In May, an Illinois man filed a $100 million defective medical product liability Stryker hip lawsuit in the U.S. District Court for the Northern District of Illinois. According to the plaintiff, he received an ABG II implant during hip replacement surgery. The plaintiff alleges the ABG II system was defective and it caused him to sustain permanent injuries. Plaintiff claims that Howmedica Osteonics, and Stryker Orthopaedics was negligent and failed to warn patients about the risks associated with the hip replacement system.
The Stryker ABG II system is a metal and metal hip implant composed of interchangeable chrome cobalt neck and titanium stem components. The FDA allowed Stryker Orthopaedics to market and distribute the hip replacement system in 2009.
The hip implant was approved under the FDA’s controversial 510(k) Premarket Notification Process which does not require a manufacturer to conduct clinical safety trials if its device is substantially equivalent to another device that is already in the market.
Stryker Orthopaedics stated that components of the hip replacement system could be custom-fitted for patients, provided greater flexibility, and were more resistant to corrosion.
But post-market data challenged these claims when it was found that the ABG II System grind against each other, loosened from its original position, became corroded and released metallic debris into the bloodstream and soft tissues.
These problems associated with the hip device led to early failure rates and allegedly harmed the patients’ health.

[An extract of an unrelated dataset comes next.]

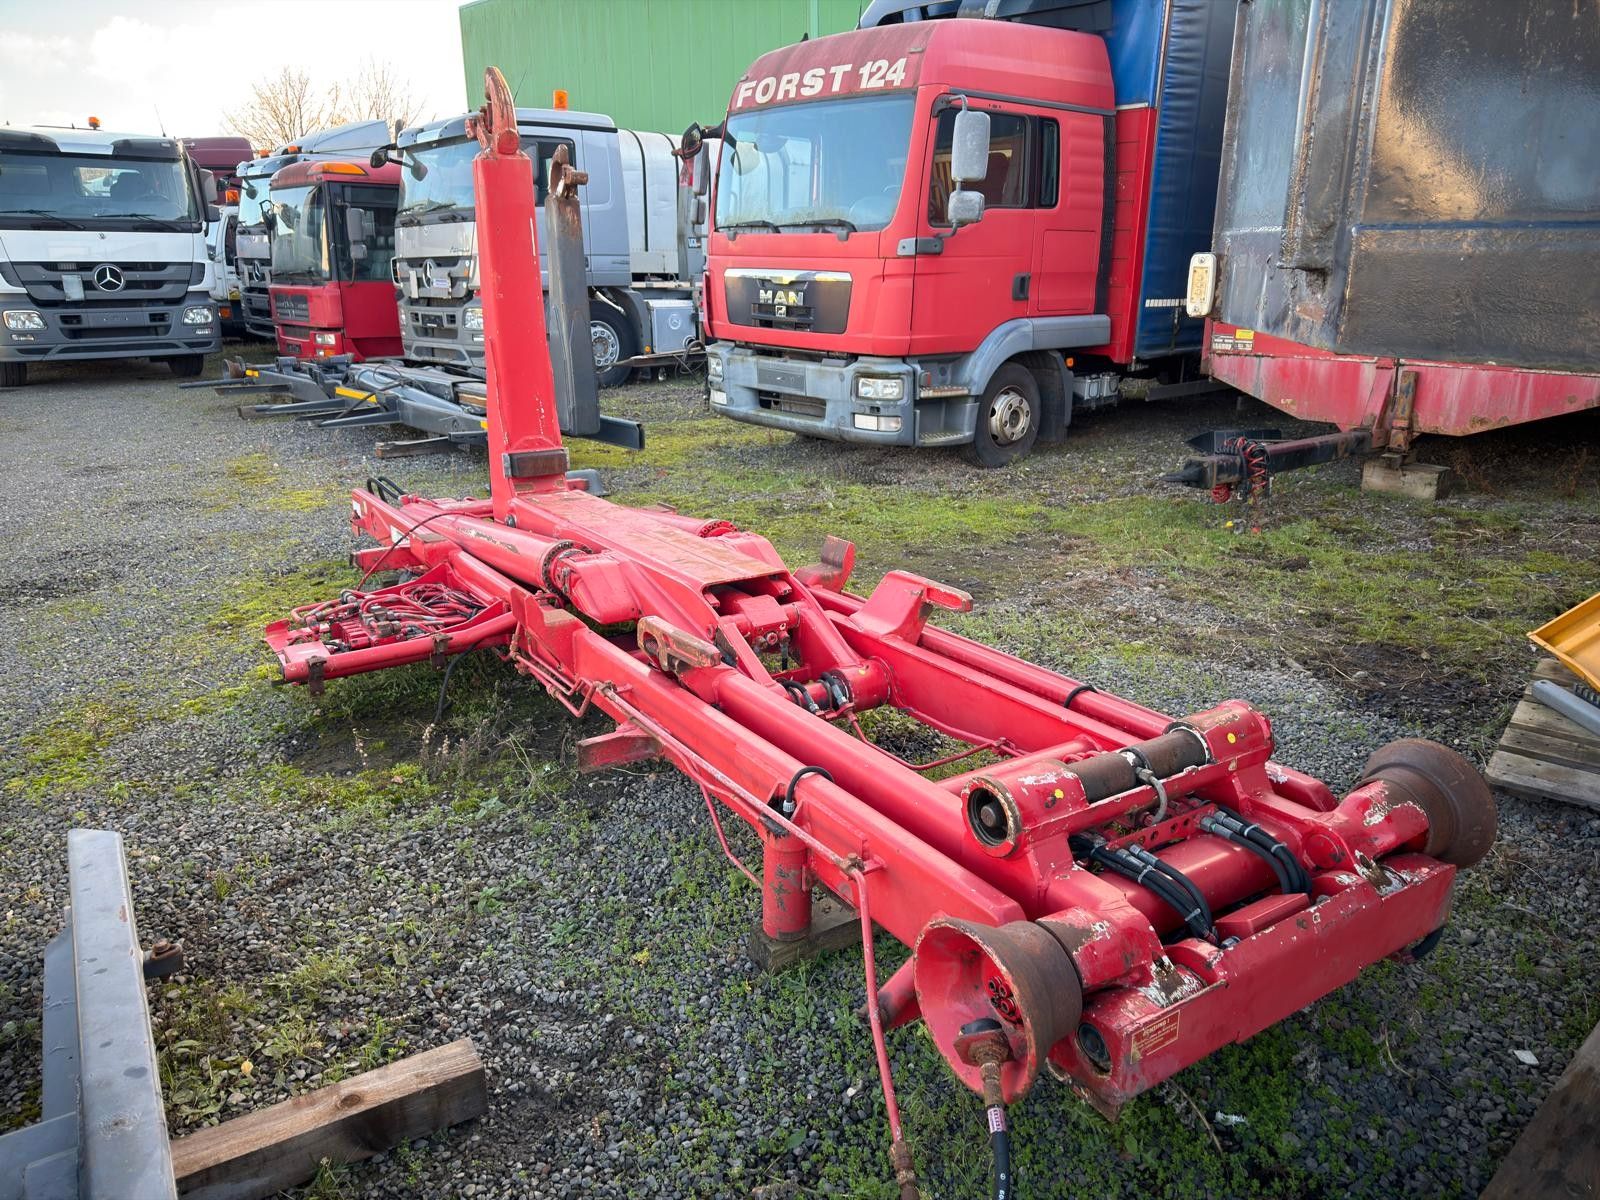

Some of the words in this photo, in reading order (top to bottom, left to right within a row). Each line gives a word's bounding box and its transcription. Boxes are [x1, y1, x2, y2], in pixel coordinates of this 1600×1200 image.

[736, 64, 852, 108] FORST
[858, 57, 907, 89] 124
[760, 289, 804, 306] MAN

Stryker ABG II Metal Hip Problems
In April 2012, Stryker Orthopaedics issued an Urgent Field Safety Notice to inform medical professionals that the hip device posed a potential safety risk to patients due to corrosion and metal contamination.

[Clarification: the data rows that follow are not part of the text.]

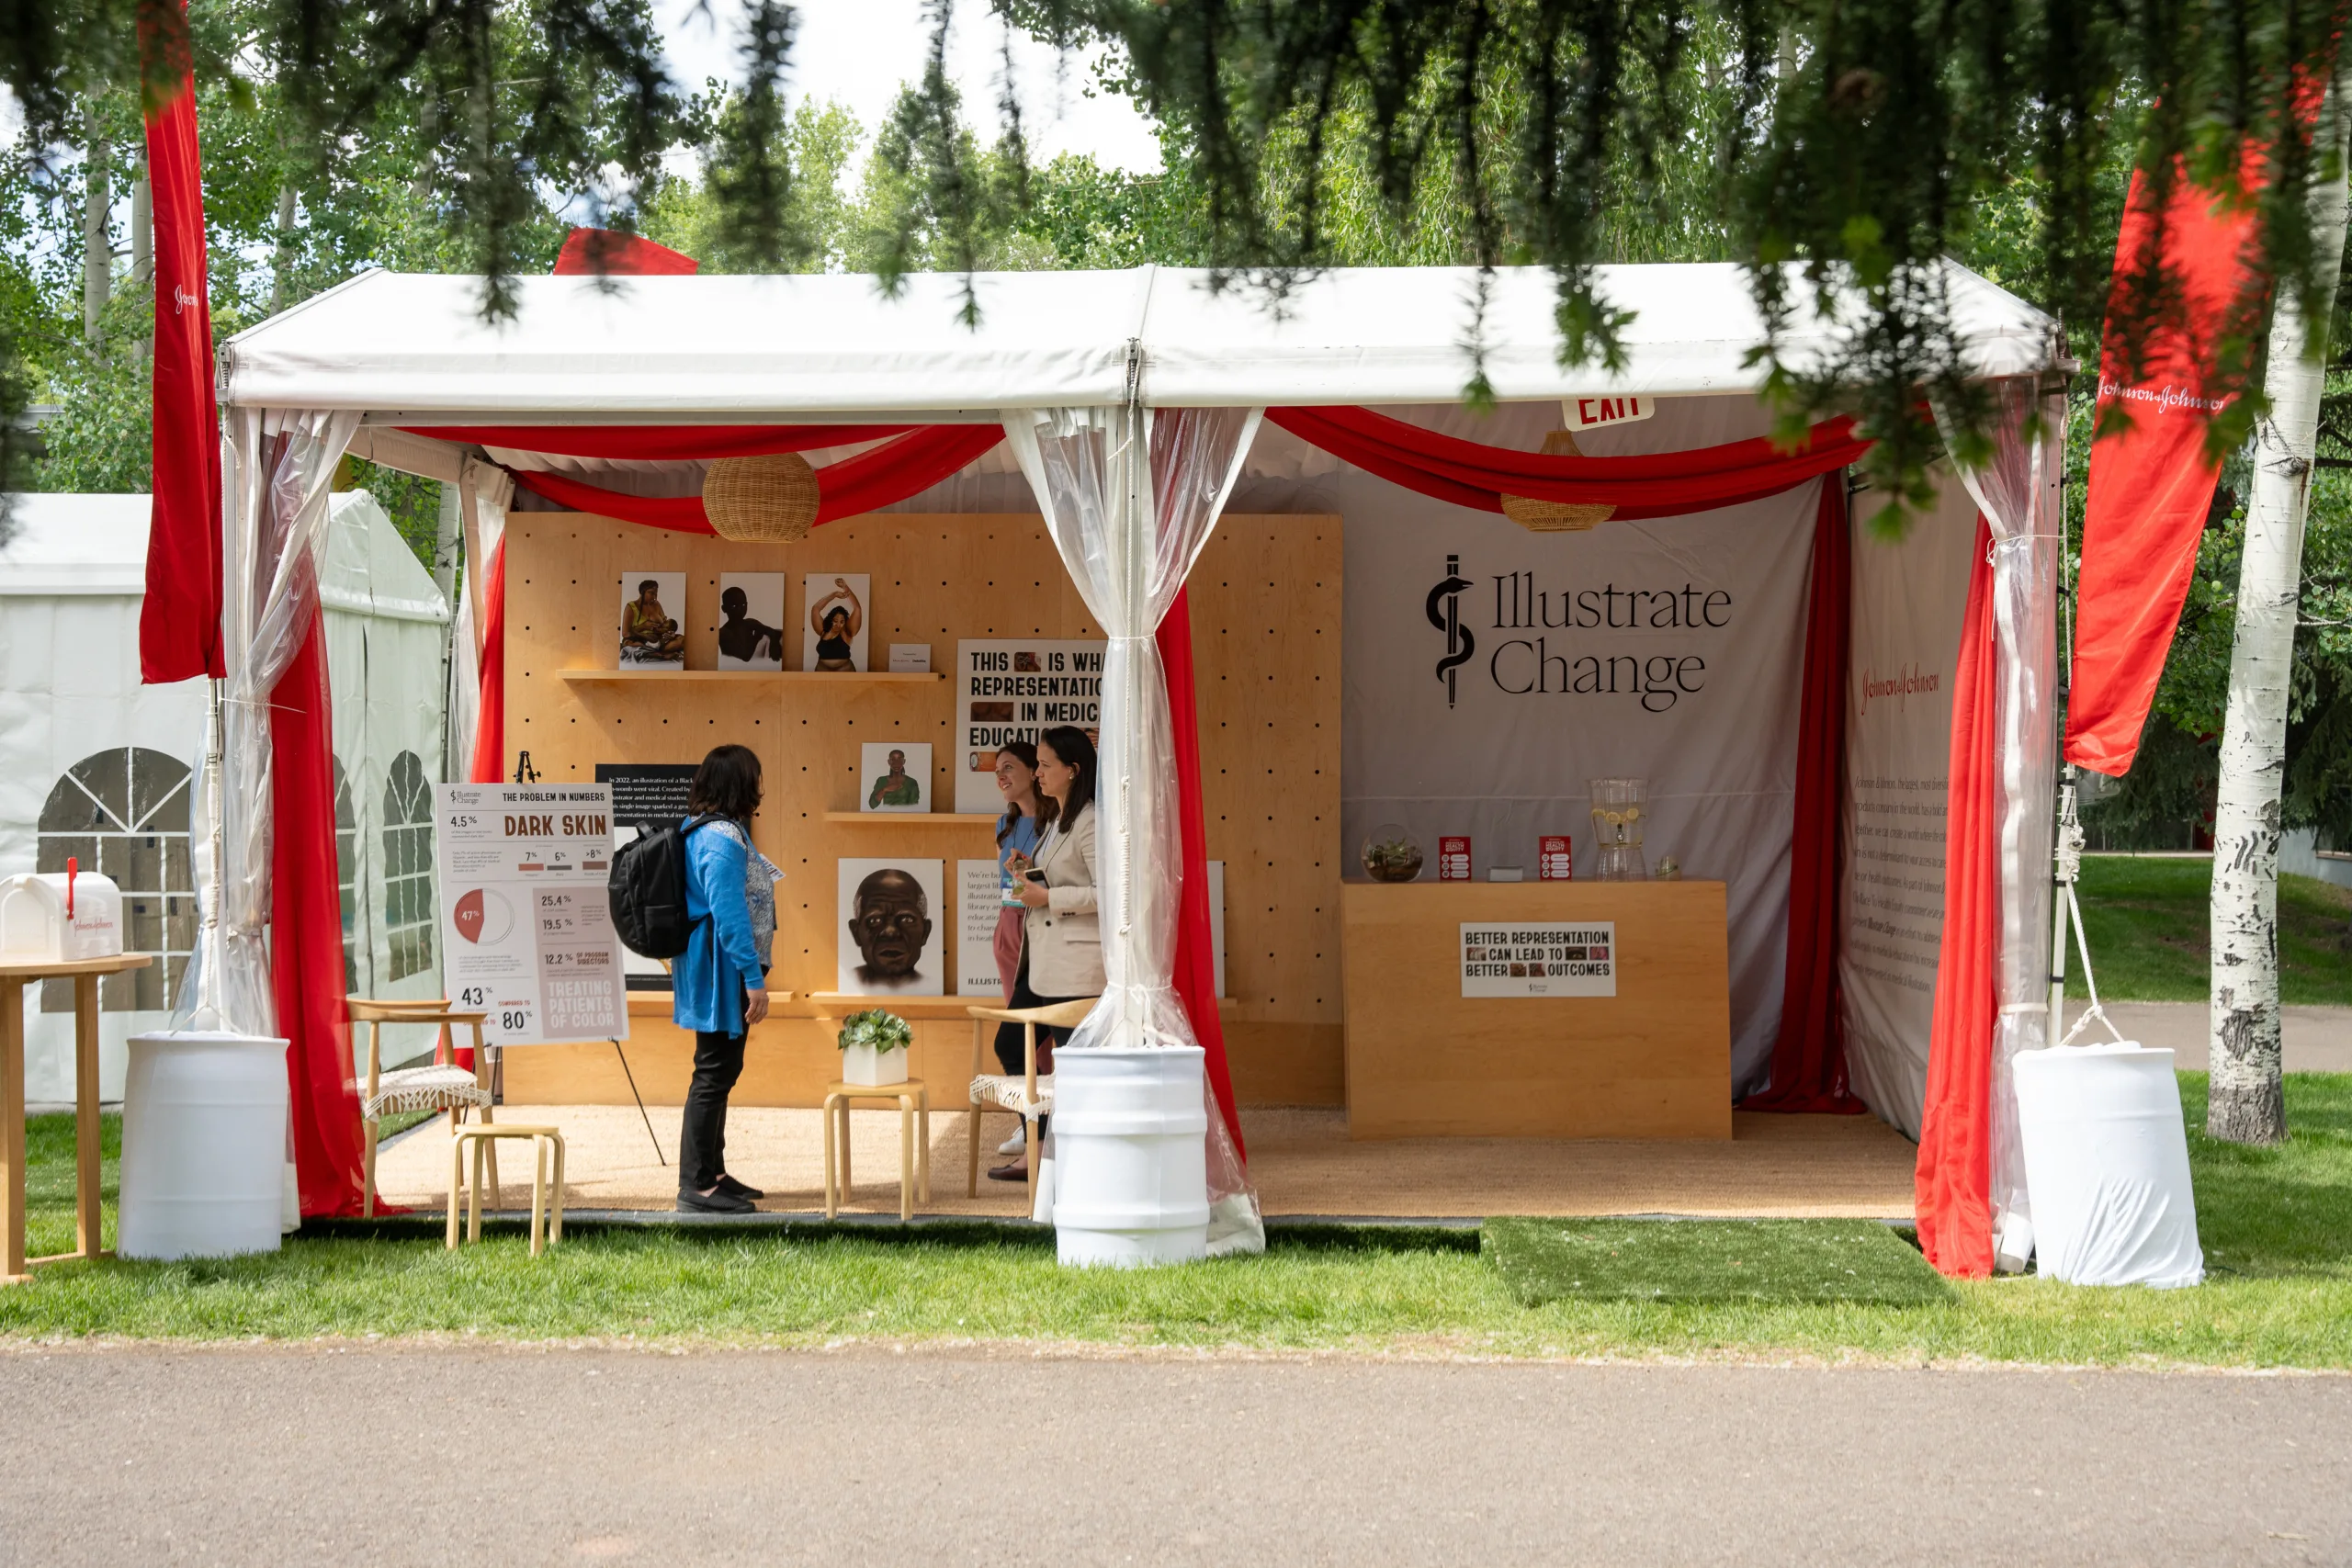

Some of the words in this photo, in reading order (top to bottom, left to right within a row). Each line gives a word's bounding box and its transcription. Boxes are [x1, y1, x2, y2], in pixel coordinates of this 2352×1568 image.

[1490, 570, 1732, 628] Illustrate
[970, 651, 1009, 671] THIS
[1048, 652, 1065, 671] IS
[1072, 652, 1105, 671] WH
[1490, 636, 1706, 713] Change
[1021, 702, 1037, 721] IN
[1045, 702, 1101, 722] MEDIC
[969, 727, 1041, 747] EDUCATI
[503, 793, 517, 802] THE
[519, 793, 557, 802] PROBLEM
[559, 793, 567, 802] IN
[569, 793, 605, 801] NUMBERS
[450, 816, 478, 828] 4.5%
[504, 815, 554, 837] DARK
[561, 814, 607, 836] SKIN
[525, 852, 537, 862] 7%
[554, 852, 567, 862] 6%
[967, 871, 990, 879] We're
[967, 881, 990, 890] largest
[967, 902, 989, 911] library
[461, 910, 481, 921] 47%
[1465, 931, 1508, 945] BETTER
[1511, 931, 1610, 944] REPRESENTATION
[577, 957, 610, 965] DIRECTORS
[1488, 948, 1511, 961] CAN
[1515, 948, 1544, 961] LEAD
[1548, 947, 1563, 960] TO
[1465, 964, 1509, 976] BETTER
[1547, 963, 1610, 976] OUTCOMES
[548, 980, 612, 997] TREATING
[548, 996, 613, 1013] PATIENTS
[550, 1013, 568, 1028] OF
[571, 1012, 615, 1027] COLOR

According to FDA adverse event reports, some of the medical complications include inflammation, metallosis, tissue damage, bone loss, chronic pain, and pseudotumor formation. In order to prevent the injuries from getting worse, some patients needed to undergo revision surgery so that the defective hip implant could be replaced.

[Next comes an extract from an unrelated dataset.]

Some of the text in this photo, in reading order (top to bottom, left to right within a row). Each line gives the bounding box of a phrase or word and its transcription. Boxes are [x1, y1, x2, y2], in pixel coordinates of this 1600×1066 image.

The Stryker hip lawsuit alleges that the defendants designed, manufactured, and distributed a defective medical device. According to the plaintiff’s attorney, the hip implant is unreasonably dangerous and unfit for its intended purpose. The defendants allegedly failed to adequately test the safety of the product prior to distributing it and didn’t warn patients of the safety risks associated with using the product.
Stryker Hip Rejuvenate and ABG II Implant Recall
On July 6, 2012, Stryker Orthopaedics decided to voluntarily recall the ABG II System from the market. Patients were advised to contact their doctors in order to confirm if they received the ABG II modular-neck stems. Physicians were encouraged to conduct the necessary examinations and tests in order to verify if patients were suffering from any adverse side effects due to a defective hip implant.
The U.S. Judicial Panel for Multidistrict Litigation is considering consolidating the lawsuits. On May 30, 2013, attorneys presented oral arguments to the Judicial Panel regarding the possible federal consolidation of the Stryker hip implant cases.